Local, state and federal officials met with Chipley citizens Tuesday night at the Chipley High School auditorium to address concerns related to damage caused by Hurricane Michael, and to answer questions.
Representatives from various governmental agencies will also be at the Ag Center in Chipley, beginning Wednesday from 8 a.m. to 7 p.m.
Supervisor of Elections Carol Rudd explained the special exceptions that have been made to help the citizens of Washington County vote in the upcoming election. Early voting will begin on Saturday, October 27, and continue through November 3. Since a lot of the normal polling locations don’t have power, citizens will be allowed to vote at any of the precincts that are open, irregardless of where they are normally scheduled to vote. Election day voting will be held at Supervisor of Elections Office, Orange Hill Fire Station, Sunny Hills Community Center, and Vernon City Hall.
Several FEMA representatives were on hand to explain various programs that were available to help citizens get their lives back to a pre-hurricane condition.
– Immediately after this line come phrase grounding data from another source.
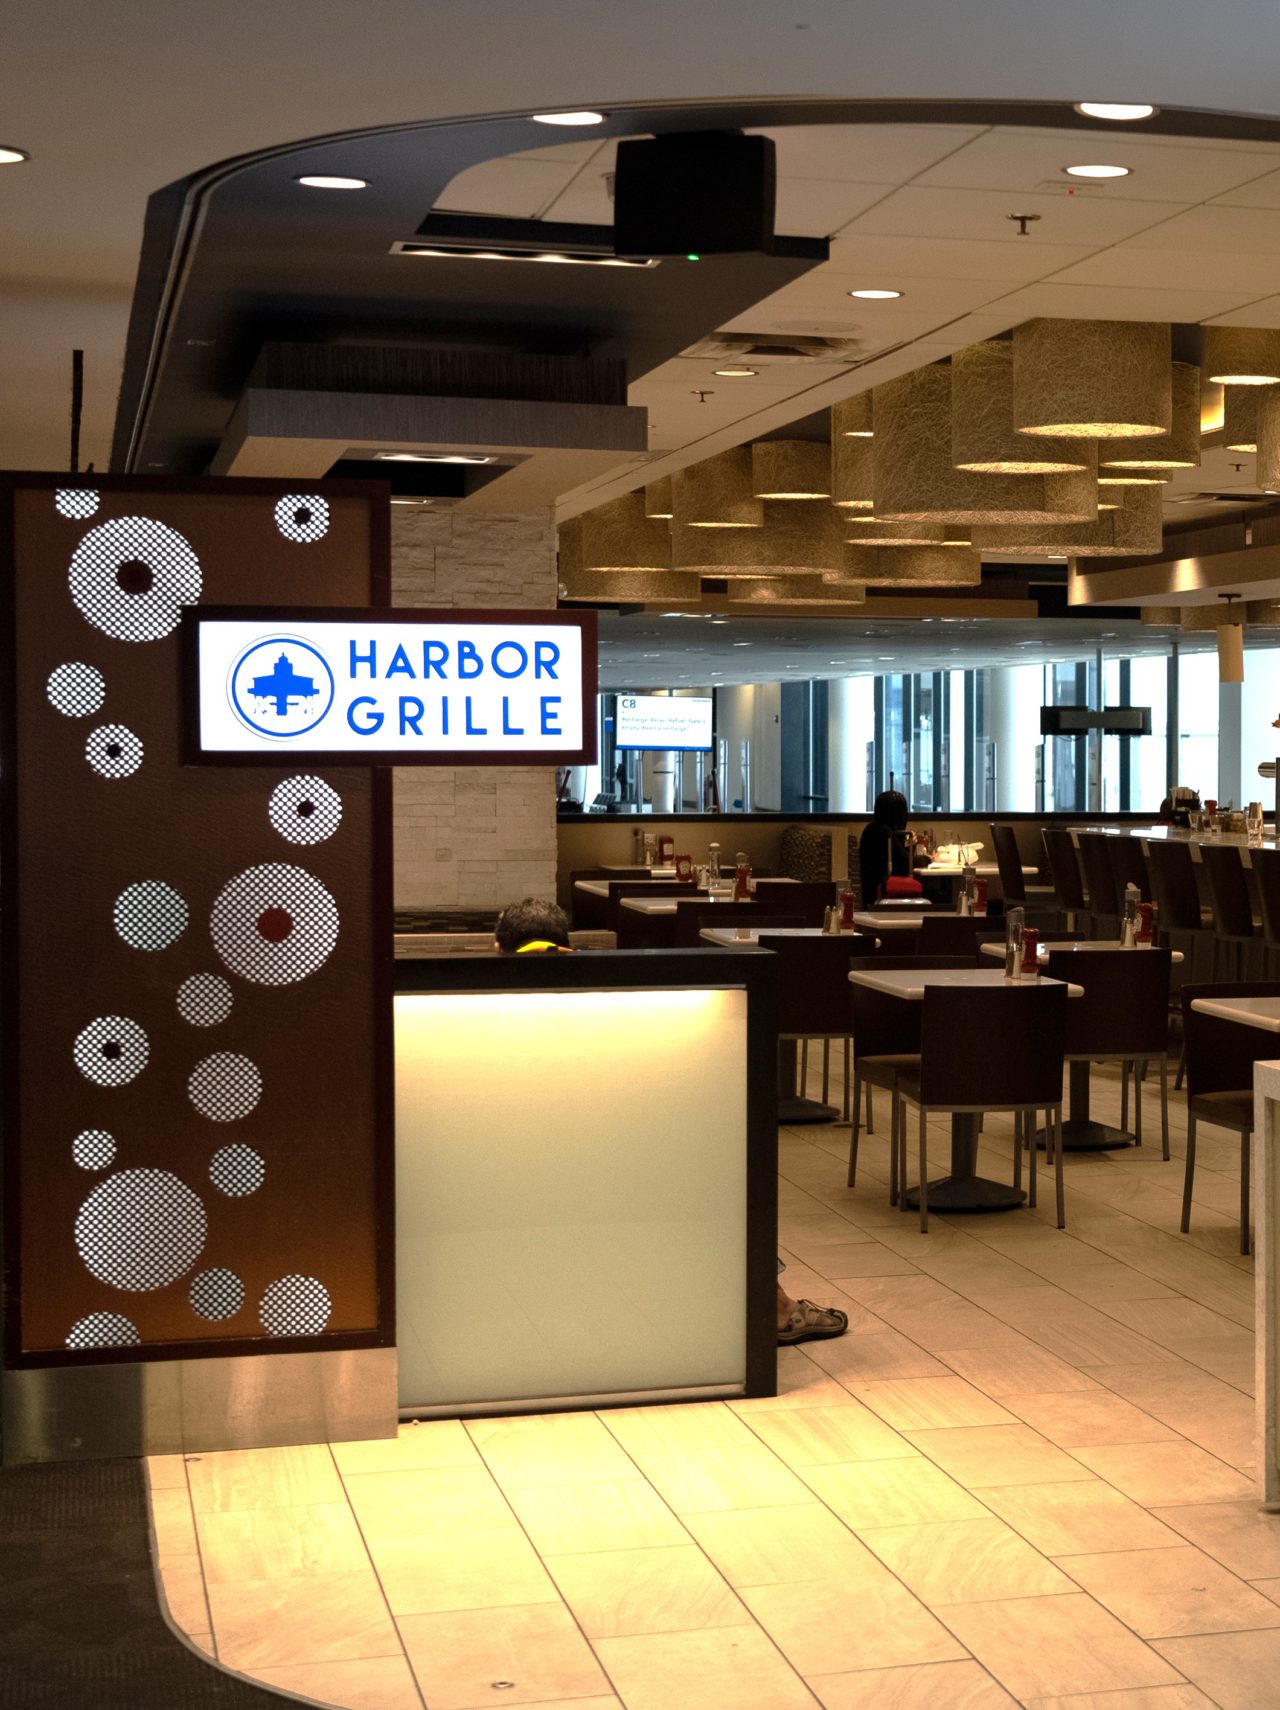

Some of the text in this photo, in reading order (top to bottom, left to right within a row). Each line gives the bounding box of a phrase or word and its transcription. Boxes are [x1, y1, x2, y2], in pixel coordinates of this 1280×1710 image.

[349, 639, 561, 680] HARBOR
[346, 695, 562, 736] GRILLE
[622, 698, 636, 709] C8
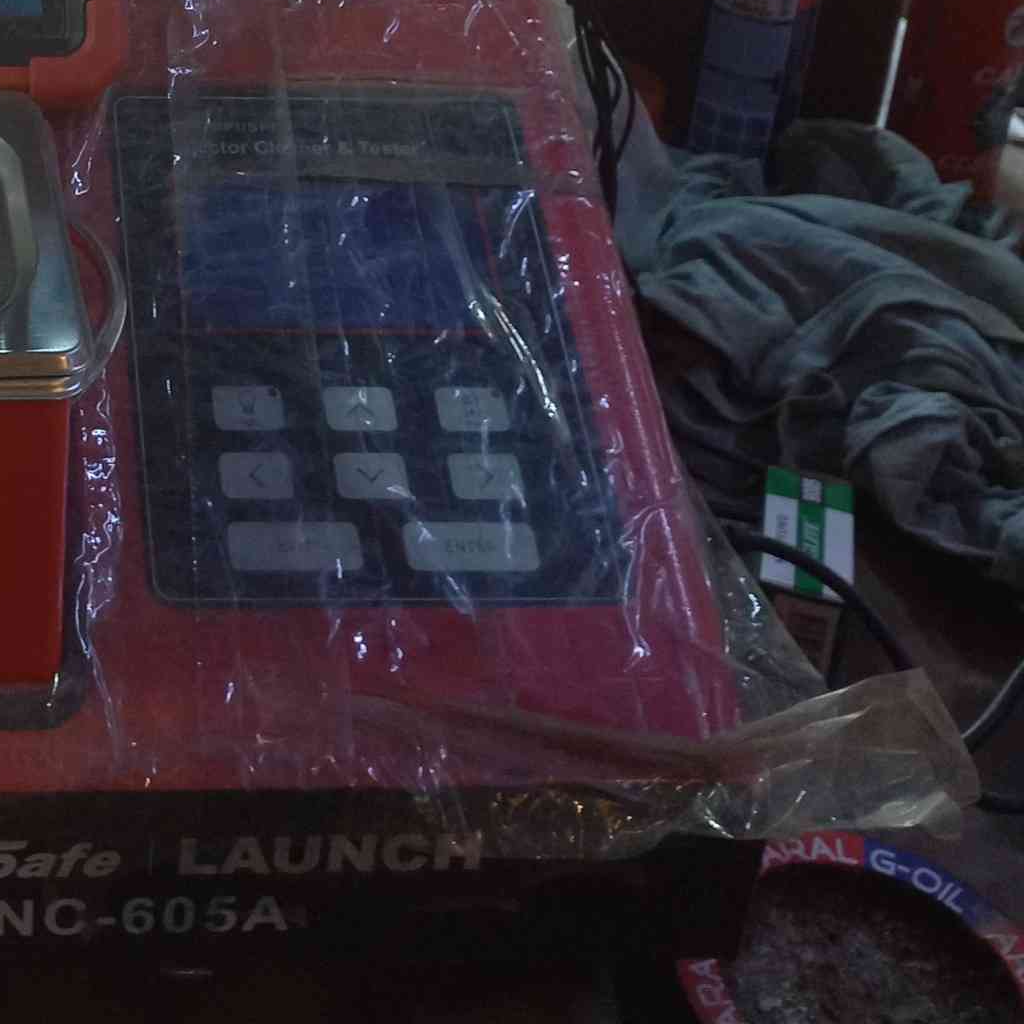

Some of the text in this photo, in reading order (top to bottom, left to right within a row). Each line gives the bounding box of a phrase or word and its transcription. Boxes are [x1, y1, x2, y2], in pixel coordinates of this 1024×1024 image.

[179, 833, 482, 875] LAUNCH
[761, 837, 964, 914] ARAL G-OIL
[690, 958, 743, 1024] ARA
There were also workstations set up in the lobby to aid attendees in filling out paperwork necessary to start the assistance process.
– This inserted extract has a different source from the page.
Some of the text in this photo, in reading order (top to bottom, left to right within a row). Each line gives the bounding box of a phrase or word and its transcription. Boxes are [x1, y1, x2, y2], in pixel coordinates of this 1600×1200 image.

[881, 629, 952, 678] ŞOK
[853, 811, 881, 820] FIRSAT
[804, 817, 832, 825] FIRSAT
Representatives from the US Army Corps of Engineers were present to explain the Blue Roof Program. They help by installing temporary roofs on damaged homes in order for residents to be able to stay in the home. There is no charge for this service. They may be contacted at 1-888-ROOF-BLU.
Washington County Superintendent of Schools Joe Taylor said the Florida Panhandle Technical College opened yesterday, teachers returned today, and students will return on Wednesday. Although there is a lot of damage in Washington County, our schools are in good shape. No paperwork will be required for students from neighboring counties to attend schools in Washington County, and Taylor stressed the importance of getting students back in school. He also stated that there will be no charge for breakfast or lunch from now until November 30.
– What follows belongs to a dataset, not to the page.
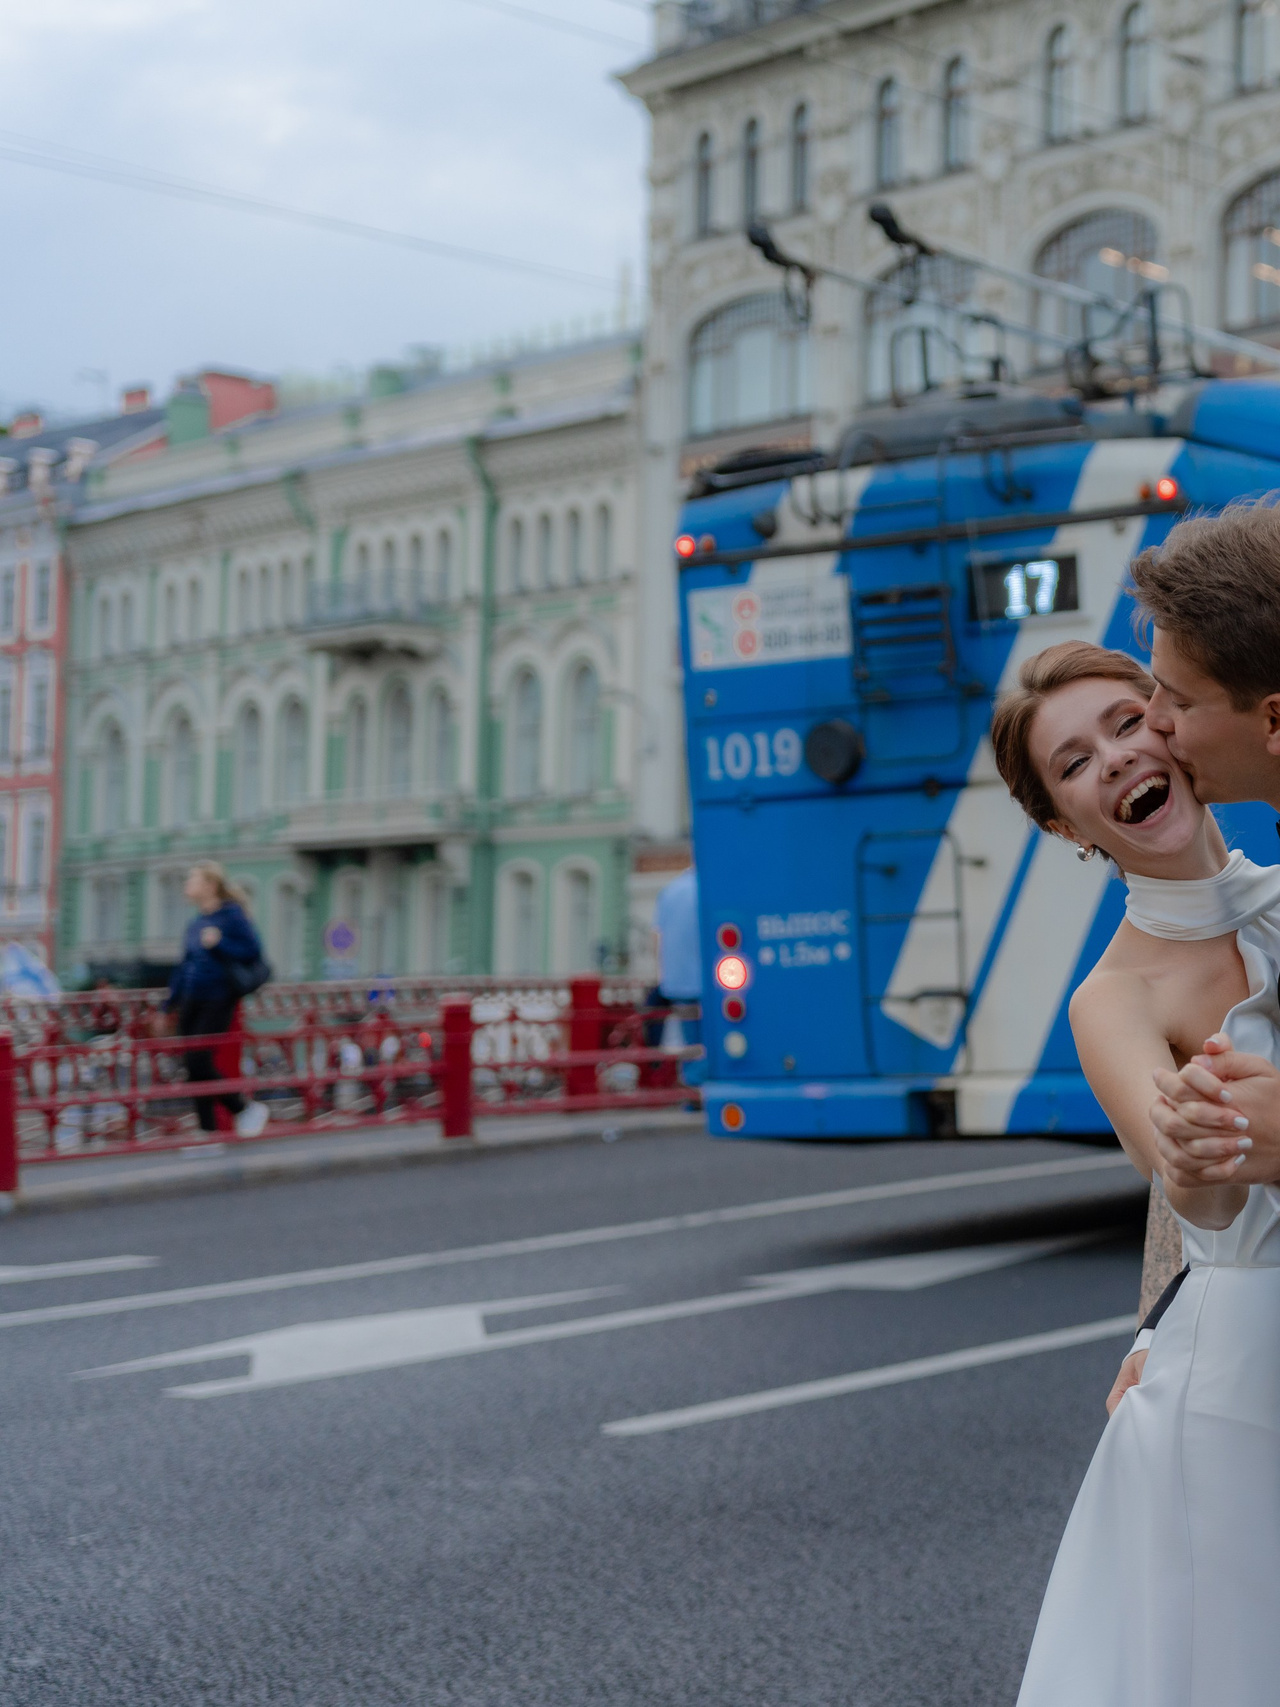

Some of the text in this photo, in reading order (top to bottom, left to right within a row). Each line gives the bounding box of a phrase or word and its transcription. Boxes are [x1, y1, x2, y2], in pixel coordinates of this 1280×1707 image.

[1004, 560, 1059, 619] 17
[705, 727, 802, 781] 1019
[757, 909, 850, 940] ВЫНОС
Washington County Sheriff Kevin Crews commended the friendly and helpful citizens of Washington County, and said that visiting law enforcement from throughout the state that were here to help commented that this was the “nicest place they had ever responded to.” He also stressed that fraud is already rampant in our area. He cautioned not to pay for anything up front and to be careful about making large deposits. Several arrests have already been made. “If they make you feel uneasy, call us,” stated Sheriff Crews. He said his department would be glad to check out any and all complaints and respond to concerns. He also reiterated the need to check out many of the free services available before paying a contractor: for example, the Blue Roof Program and faith-based volunteers for clearing debris.